— Assignment —
In the records below, find the line with "this 1500×1334 image.", then retype it and every following line exactly, stopping after the line with "this 1536×1024 image.". Leave the pictures out.
^^^^^^^^^^^^^^^^
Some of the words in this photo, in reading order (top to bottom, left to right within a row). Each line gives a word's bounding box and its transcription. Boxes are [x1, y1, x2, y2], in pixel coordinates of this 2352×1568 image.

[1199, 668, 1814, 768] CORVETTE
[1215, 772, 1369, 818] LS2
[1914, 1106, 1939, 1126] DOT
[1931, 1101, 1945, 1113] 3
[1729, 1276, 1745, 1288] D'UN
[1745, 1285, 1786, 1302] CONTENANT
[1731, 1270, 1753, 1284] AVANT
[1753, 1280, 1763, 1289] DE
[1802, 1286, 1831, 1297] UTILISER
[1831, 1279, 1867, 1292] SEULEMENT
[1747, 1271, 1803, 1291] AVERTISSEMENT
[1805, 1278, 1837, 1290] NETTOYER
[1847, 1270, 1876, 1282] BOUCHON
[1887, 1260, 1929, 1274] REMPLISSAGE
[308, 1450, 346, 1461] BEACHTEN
^^^^^^^^^^^^^^^^
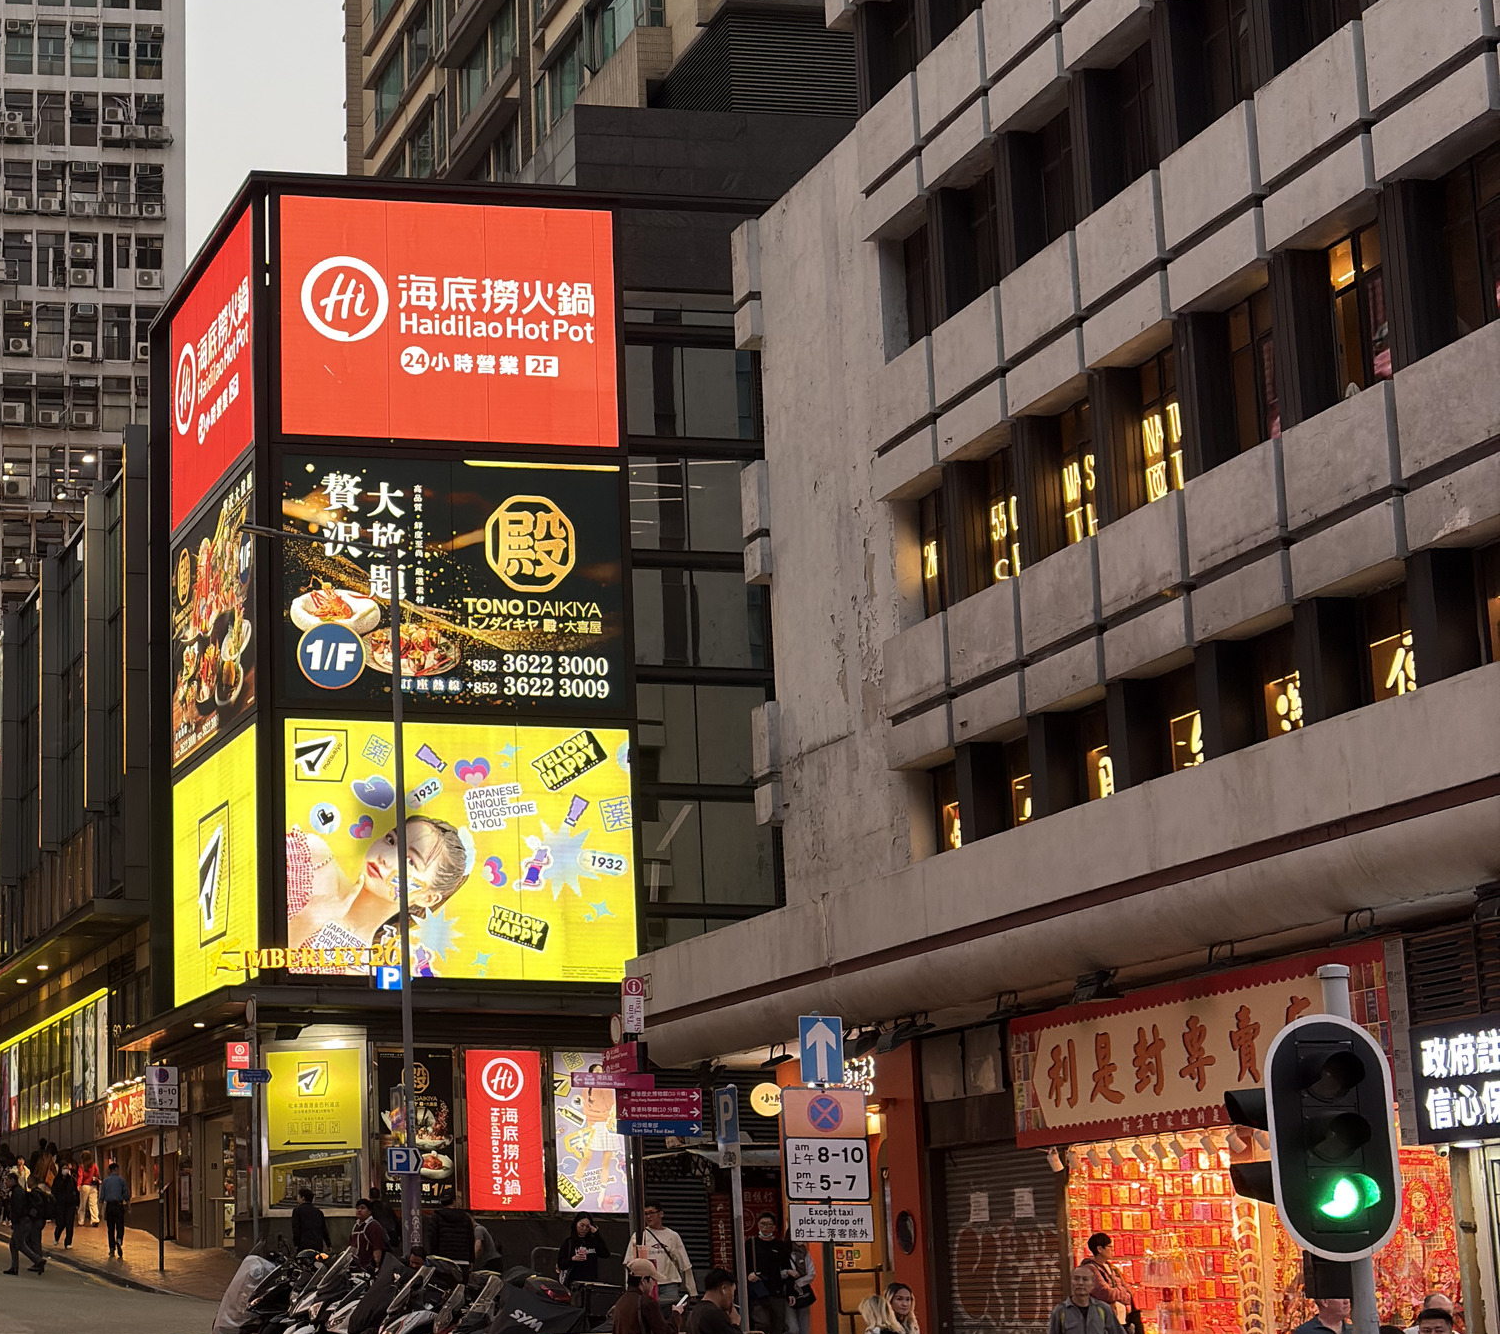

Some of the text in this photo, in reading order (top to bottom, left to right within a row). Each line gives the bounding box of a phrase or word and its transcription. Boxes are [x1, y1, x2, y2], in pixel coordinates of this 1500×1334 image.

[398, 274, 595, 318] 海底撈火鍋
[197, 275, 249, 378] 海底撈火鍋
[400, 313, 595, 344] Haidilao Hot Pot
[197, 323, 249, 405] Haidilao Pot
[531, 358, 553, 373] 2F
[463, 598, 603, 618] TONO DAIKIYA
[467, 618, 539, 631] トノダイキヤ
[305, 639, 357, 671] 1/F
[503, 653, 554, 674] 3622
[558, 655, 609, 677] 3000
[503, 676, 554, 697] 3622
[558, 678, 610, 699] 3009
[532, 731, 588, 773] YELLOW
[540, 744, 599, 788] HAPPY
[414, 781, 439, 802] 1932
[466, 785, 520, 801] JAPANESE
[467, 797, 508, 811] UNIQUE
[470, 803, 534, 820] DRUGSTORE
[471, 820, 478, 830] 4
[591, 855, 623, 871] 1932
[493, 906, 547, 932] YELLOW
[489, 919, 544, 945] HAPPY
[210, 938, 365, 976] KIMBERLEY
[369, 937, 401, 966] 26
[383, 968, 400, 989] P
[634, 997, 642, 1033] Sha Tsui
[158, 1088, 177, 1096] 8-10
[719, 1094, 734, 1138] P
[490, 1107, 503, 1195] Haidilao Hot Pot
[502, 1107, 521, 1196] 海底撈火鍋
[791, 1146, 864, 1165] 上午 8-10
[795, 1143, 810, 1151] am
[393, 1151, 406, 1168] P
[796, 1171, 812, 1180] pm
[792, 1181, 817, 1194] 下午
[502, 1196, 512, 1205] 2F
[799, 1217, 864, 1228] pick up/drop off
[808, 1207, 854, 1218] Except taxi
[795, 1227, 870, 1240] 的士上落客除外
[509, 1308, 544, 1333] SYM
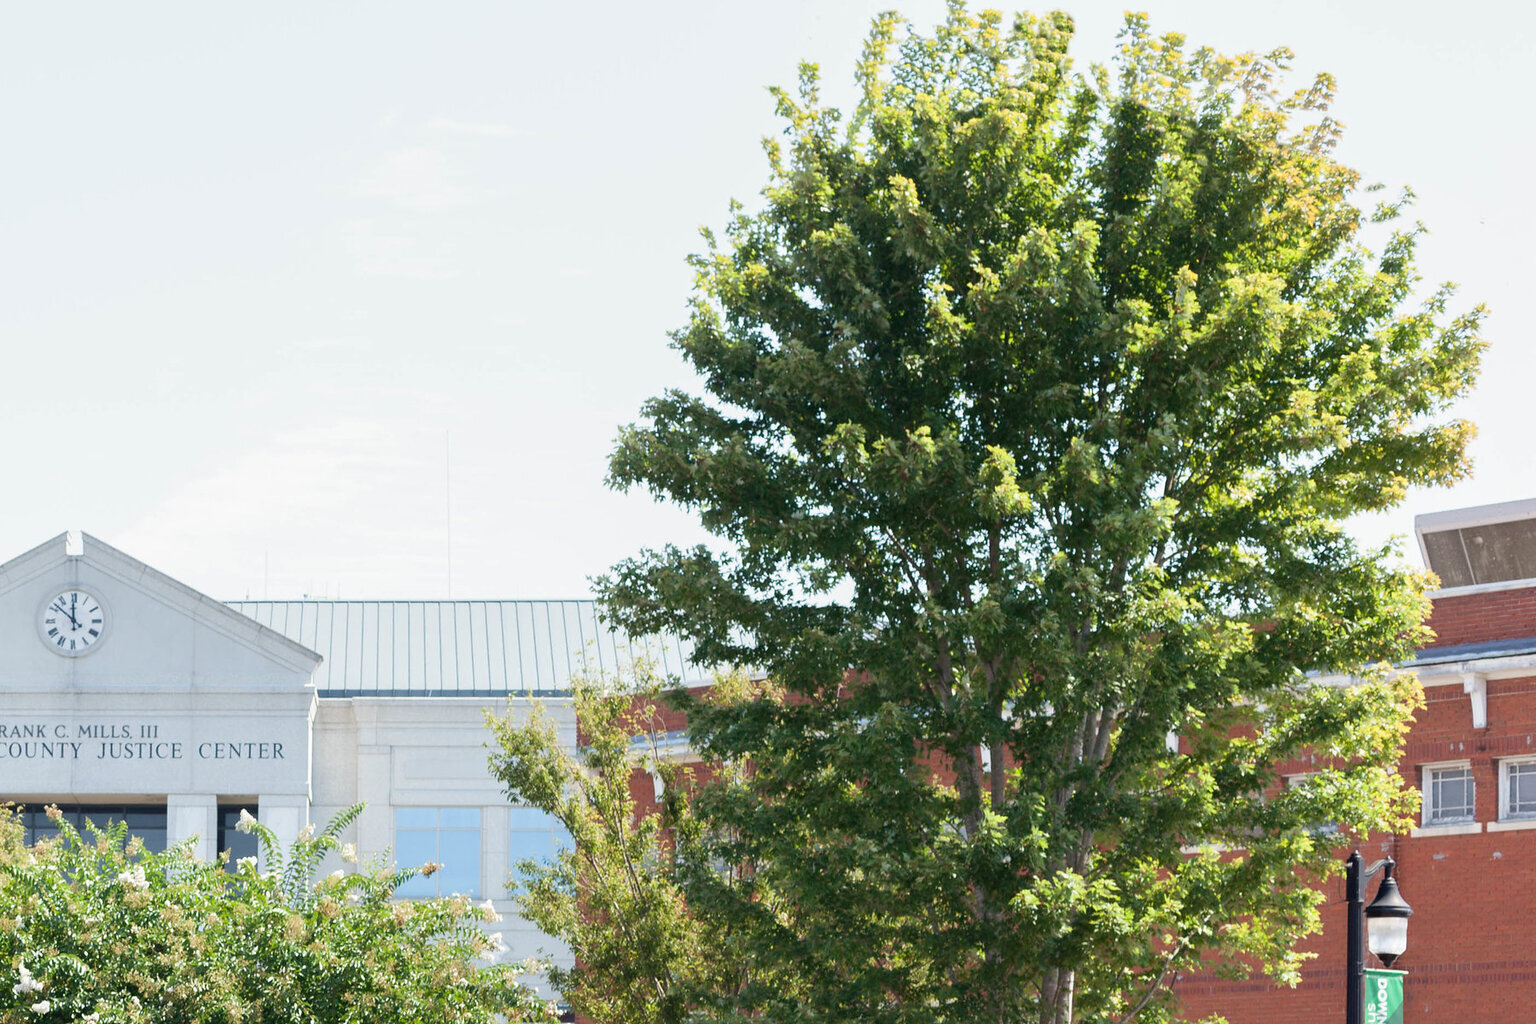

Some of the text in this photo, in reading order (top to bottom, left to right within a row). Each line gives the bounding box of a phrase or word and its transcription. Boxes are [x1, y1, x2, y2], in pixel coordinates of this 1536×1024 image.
^^^^^^^^^^^^^^^^
— Solution —
Some of the text in this photo, in reading order (top to bottom, left to right within a row). Each line gives the bounding box of a phrase or word and its transcription. Boxes are [x1, y1, x2, y2], in pixel coordinates of this 1500×1334 image.

[398, 274, 595, 318] 海底撈火鍋
[197, 275, 249, 378] 海底撈火鍋
[400, 313, 595, 344] Haidilao Hot Pot
[197, 323, 249, 405] Haidilao Pot
[531, 358, 553, 373] 2F
[463, 598, 603, 618] TONO DAIKIYA
[467, 618, 539, 631] トノダイキヤ
[305, 639, 357, 671] 1/F
[503, 653, 554, 674] 3622
[558, 655, 609, 677] 3000
[503, 676, 554, 697] 3622
[558, 678, 610, 699] 3009
[532, 731, 588, 773] YELLOW
[540, 744, 599, 788] HAPPY
[414, 781, 439, 802] 1932
[466, 785, 520, 801] JAPANESE
[467, 797, 508, 811] UNIQUE
[470, 803, 534, 820] DRUGSTORE
[471, 820, 478, 830] 4
[591, 855, 623, 871] 1932
[493, 906, 547, 932] YELLOW
[489, 919, 544, 945] HAPPY
[210, 938, 365, 976] KIMBERLEY
[369, 937, 401, 966] 26
[383, 968, 400, 989] P
[634, 997, 642, 1033] Sha Tsui
[158, 1088, 177, 1096] 8-10
[719, 1094, 734, 1138] P
[490, 1107, 503, 1195] Haidilao Hot Pot
[502, 1107, 521, 1196] 海底撈火鍋
[791, 1146, 864, 1165] 上午 8-10
[795, 1143, 810, 1151] am
[393, 1151, 406, 1168] P
[796, 1171, 812, 1180] pm
[792, 1181, 817, 1194] 下午
[502, 1196, 512, 1205] 2F
[799, 1217, 864, 1228] pick up/drop off
[808, 1207, 854, 1218] Except taxi
[795, 1227, 870, 1240] 的士上落客除外
[509, 1308, 544, 1333] SYM

Some of the text in this photo, in reading order (top to bottom, left to right within a row). Each line gives the bounding box of a phrase or word and its transcription. Boxes are [x1, y1, x2, y2], in pixel coordinates of this 1536×1024 image.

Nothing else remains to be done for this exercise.